What in the world does this have to do with company building? While I will not lay the reaction of the passenger at the feet of the iPhone/iPad it is clear that we now believe glass + touch = action. The market is now conditioned to a certain experience in interacting with technology.
When building your next great startup what are the basic assumptions of the market you are attacking? You may be looking to change the game entirely but you still have to be ready to understand how the current market and its expectations will impact your success or failure. If you fail to engage the basic expectation or clearly light the path forward you will have placed your company in the position of dealing with potentially unnecessary obstacles to adoption. This is not just a UI issue, almost every area you deal with from market message to functionality carries basic assumptions and expectations.
Clearly, it is important to take note of the environments you will attempt to influence! If everyone around you is ‘touching glass and expecting an action’ and you produce ‘glass without action’ you are already starting with a deficit. It is also notable how quickly basic customer expectations change and new table stakes appear. As fast as markets and indeed whole industry segments move make sure your plan can factor in, keep pace with and even drive the change. You certainly don’t want to find your customers touching away and coming up empty.

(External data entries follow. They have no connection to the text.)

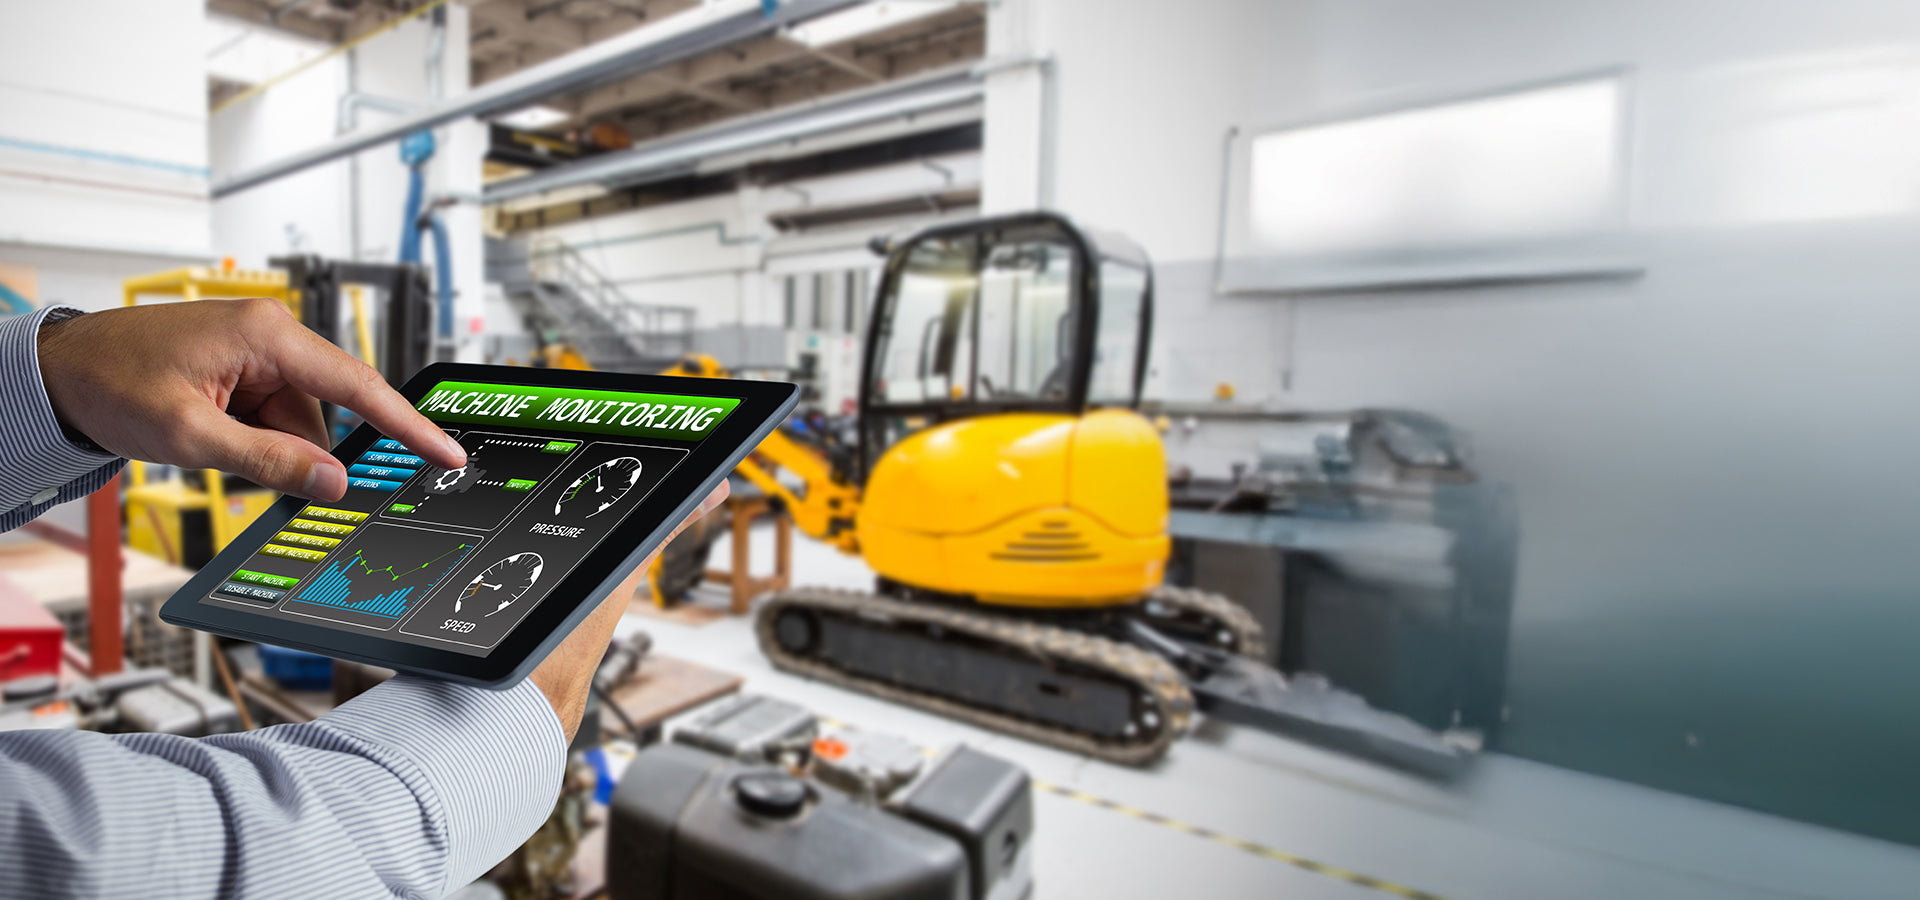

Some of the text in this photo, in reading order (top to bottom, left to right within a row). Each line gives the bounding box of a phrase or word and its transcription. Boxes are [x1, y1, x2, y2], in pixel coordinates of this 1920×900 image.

[418, 389, 725, 432] MACHINE MONITORING
[368, 454, 419, 464] SIMPLE MACHINE
[367, 468, 392, 476] REPORT
[353, 480, 380, 488] OPTIONS
[306, 508, 328, 518] ALARM
[326, 511, 352, 520] MACHINE
[293, 521, 314, 530] ALARM
[313, 524, 339, 534] MACHINE
[529, 522, 586, 539] PRESSURE
[279, 533, 301, 542] ALARM
[299, 536, 326, 546] MACHINE
[266, 546, 287, 555] ALARM
[286, 548, 312, 559] MACHINE
[241, 572, 288, 586] START MACHINE
[224, 584, 278, 600] DISABLE MACHINE
[440, 619, 476, 634] SPEED
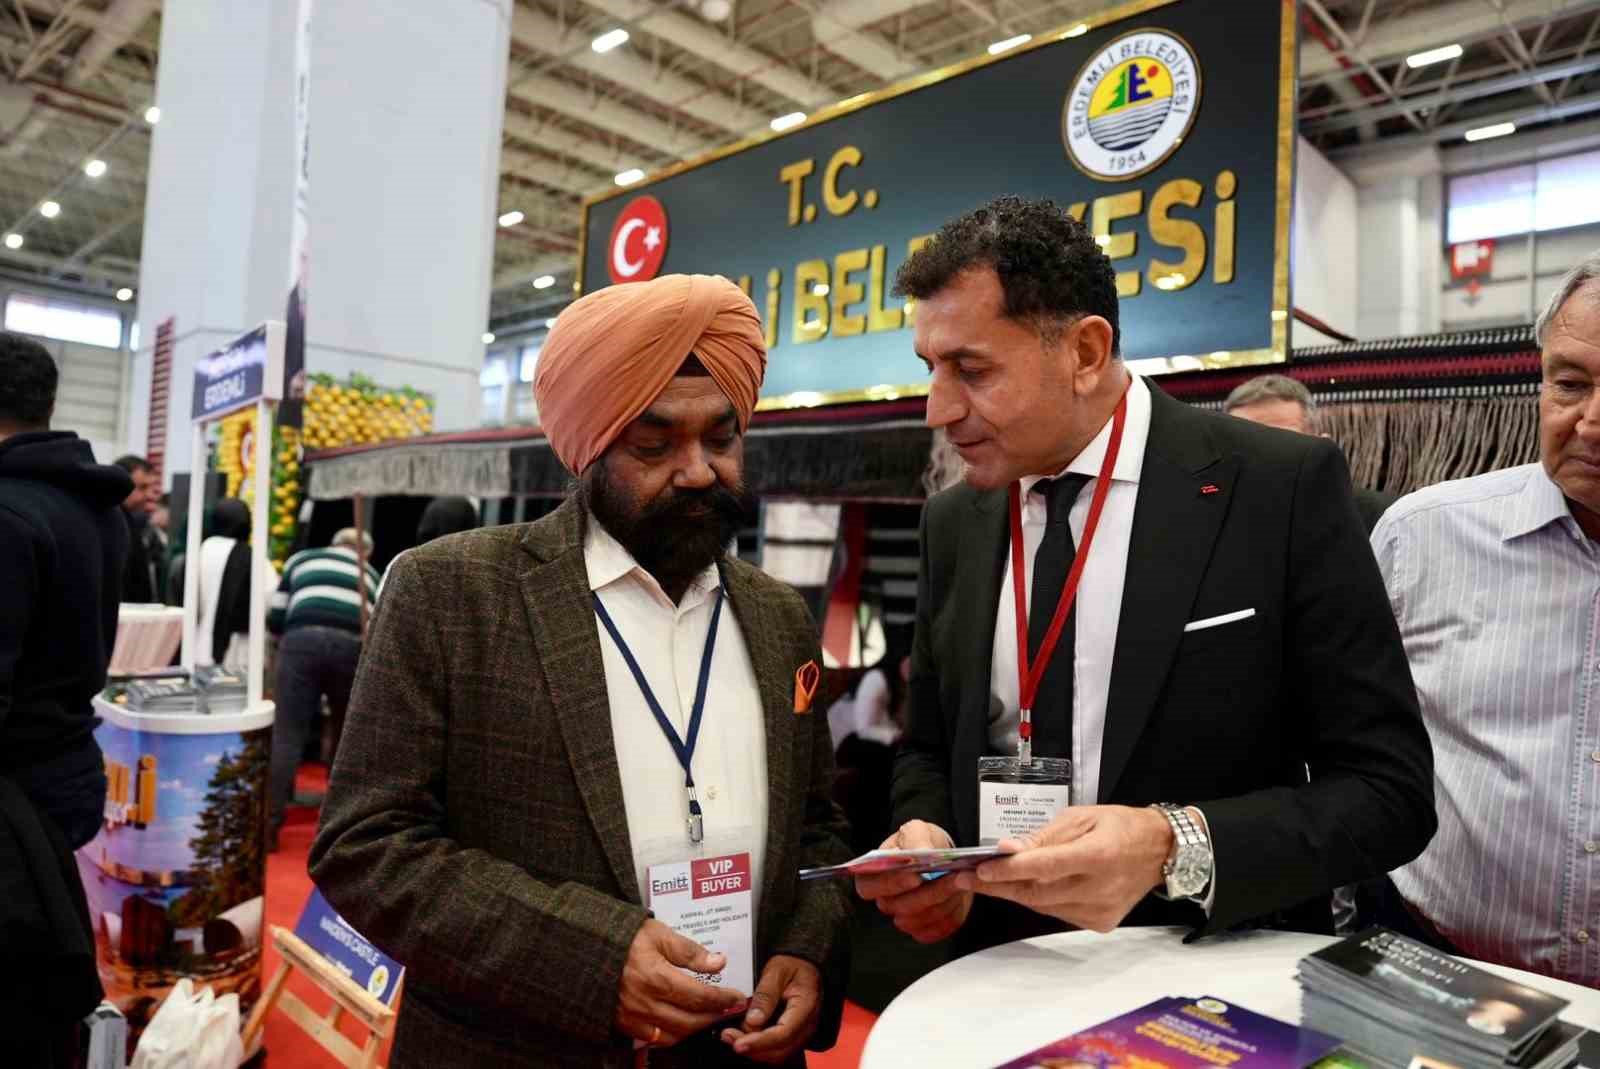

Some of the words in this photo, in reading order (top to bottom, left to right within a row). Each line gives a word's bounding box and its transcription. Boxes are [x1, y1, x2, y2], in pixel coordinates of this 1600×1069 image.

So, if you stand as a founder in front of potential investors and especially in front of angels what is going on on the other side of that table. You have done your homework:
- You know the job for which your technology is being hired
- You have clear focus
- You know your audience
- You are avoiding that big technical uh-oh moment
- You display complete confidence in achieving the dream
And you stand and deliver a solid presentation. It is obvious to you that you are well equipped and ready to turn angel money into pure profit. Will they say yes? (I sure hope so but probably not)
Let’s face it, most deals do not get done. So what is happening with investors? Well perhaps a few lessons from the angel side of the table are important to understand. Again, I am no top notch investor so I will defer to better resources on the topic like askthevc.com, http://www.feld.com among others. No, I will just share from experience and hope that helps.
Lesson 1: Great financials do NOT equal investment!
I contend that the early, early angels are motivated for many reasons and it often involves a perfect storm of events and a little bit of luck. Let’s start with a common believe that the numbers are the beginning and end of the story! Sure, absent clear lines of sight to exit and a solid financial story you may have issues. But as Brad Feld describes in an excellent book, Venture Deals, “your revenue forecast will be wrong, your cash flow forecast will be wrong.” In other words, the magic spreadsheet is not the beginning and end of the story.
It is in fact a complete fabrication – and everyone knows that. How you present it, however, says a lot about how you think through business issues and hedge toward success. Do you understand the burn rates you are looking for and how to control them? Do you account for lagging cash flow? Have you placed money to work in key spots that drive the business forward or tend only to the knitting? In fact, many successful stories brag about not having monetization methods. Can you get away with such a story? Well, before you decide check lesson 2.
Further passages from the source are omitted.